The right sleeping bag can make the difference between a great camping trip and a miserable one. If you get cold and wet, the right bag can also ward against hypothermia. 

It is important to choose a bag that will keep you comfortable. If you’re normally warm, choose a bag rated about 10 degrees lower that the lowest temperature you will be camping in. If you’re normally colder, choose a bag that is rated at 20-25 degrees lower than the lowest temperature you will be camping in. 

Sleeping bags can vary in price anywhere from $20 to 700 depending on a variety of factors such as temperature ratings, insulation, weight, shape and construction. 

Temperature Ratings

Sleeping bag temperature ratings identifies the temperature at which the bag is intended to keep the average person warm. When a bag is described as a “0-degree bag”, it means that most users will be warm when the temperature goes no lower that 0 degrees. Important: manufacturers assume the camper is using a camp pad and wearing a layer of long underwear while using it. These ratings are not a guarantee of comfort, but a guide. 


There are 2 types of insulation: synthetic & goose-down. Many campers choose the synthetic insulation for the price and versatility. Synthetic insulation is less costly than it’s goose-down counterpart and insulates even when wet (it also dries quickly). If you camp with kids or animals (many dogs love camping!), the synthetic insulation filled sleeping bag will hold up better. One downfall to synthetic insulation is that it does not compress down as much as goose-down which makes it less desirable for backpack camping. 


Weight is usually only a factor when backpack camping. When car-camping it doesn’t really matter how much your sleeping bag weighs, because often times the cot, dutch oven and other comforts usually weigh more! Sleeping bags that are lighter and have higher quality insulation will cost more, but bringing the right bag for the conditions will help you trim bulk and weight. 


The way a sleeping bag works is that once you’re inside, the bag traps the non-circulating air inside and your body heats it, keeping you warm. The less air inside, the quicker it will warm and less time for you to not be comfortable. Sleeping bags come in 3 basic shapes: rectangular, semi-rectangular, and mummy.

-Rectangular bags are by far the most common shape of sleeping bag. This shape bag offers the most comfort and roominess. With all that “roominess”, it will take longer to heat the non-circulating air and therefore rectangular bags aren’t as efficient. One thing you can do with rectangular bags is zip two of them together (if they have the same size zipper) and make a double person bag. 

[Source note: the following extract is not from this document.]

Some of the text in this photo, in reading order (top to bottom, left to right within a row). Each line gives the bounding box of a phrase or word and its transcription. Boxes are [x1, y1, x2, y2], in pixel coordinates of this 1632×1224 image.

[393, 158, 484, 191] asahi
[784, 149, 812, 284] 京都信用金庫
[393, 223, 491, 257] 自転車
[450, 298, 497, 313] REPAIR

-Semi-rectangular bags, or barrel shaped bags, have a tapered shape and are more efficient than the rectangle shaped bags. These bags still offer comfort and roominess; just not as much as the rectangular bags. 

-Mummy bags have a narrower shoulder and hip width and taper down even at the feet. These bags are designed for the backpack camper as they are usually lighter and more efficient. Many people find it difficult to get comfortable in a mummy bag. 

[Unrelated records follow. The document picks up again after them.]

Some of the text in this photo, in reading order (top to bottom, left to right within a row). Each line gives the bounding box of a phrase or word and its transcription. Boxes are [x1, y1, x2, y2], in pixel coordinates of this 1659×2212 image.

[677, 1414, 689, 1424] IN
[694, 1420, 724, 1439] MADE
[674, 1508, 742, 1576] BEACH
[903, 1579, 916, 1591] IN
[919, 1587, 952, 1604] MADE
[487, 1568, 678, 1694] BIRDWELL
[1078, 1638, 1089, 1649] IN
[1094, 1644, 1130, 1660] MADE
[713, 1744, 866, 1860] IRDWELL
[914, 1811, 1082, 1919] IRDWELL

-Double wide sleeping bags are basically rectangle shaped but are sold as basically 2 rectangular bags together. Many can be unzipped to make 2 separate rectangle bags. If you put a double-wide sleeping bag on a queen sized air mattress you and your sleeping partner are sure to be comfortable. 


Your sleeping bag’s outer shell is usually made out of nylon or polyester and the inside lining is not. The shell is designed to deflect water and the lining is designed to disperse body moisture. Some outer shells have a waterproof coating which can be tested with a wet cloth. Rub the wet cloth across the lining; and if the water beads, your bag has the waterproofing! A bag with high quality horizontal baffles are usually warmer and don’t have air leaks and keep you warmer. 

Additional Features

There are some bags that have some pretty cool features to help keep you warm and comfortable. Some of them are:

-Sleeping bag hood. Since campers loose the most heat through our heads, some manufacturers’ semi-rectangular bags have a built-in hood that is cinched with a drawstring to help keep you warm. If your bag doesn’t have a hood and you’re doing some cold weather camping, consider a fleece hood. I have one that is basically a hood that I can wear to help keep my head (and therefore the rest of me) warm in colder temperatures. 

-Sleeping pad sleeve. Some bags have a sleeve built-in to slide your sleeping pad in and not have to worry about slipping off the pad at night(something I seem to always do). 

-Small pocket. Some sleeping bags have a small pocket sewn into them for keeping your glasses, phone, flashlight, or whatever you need close by. 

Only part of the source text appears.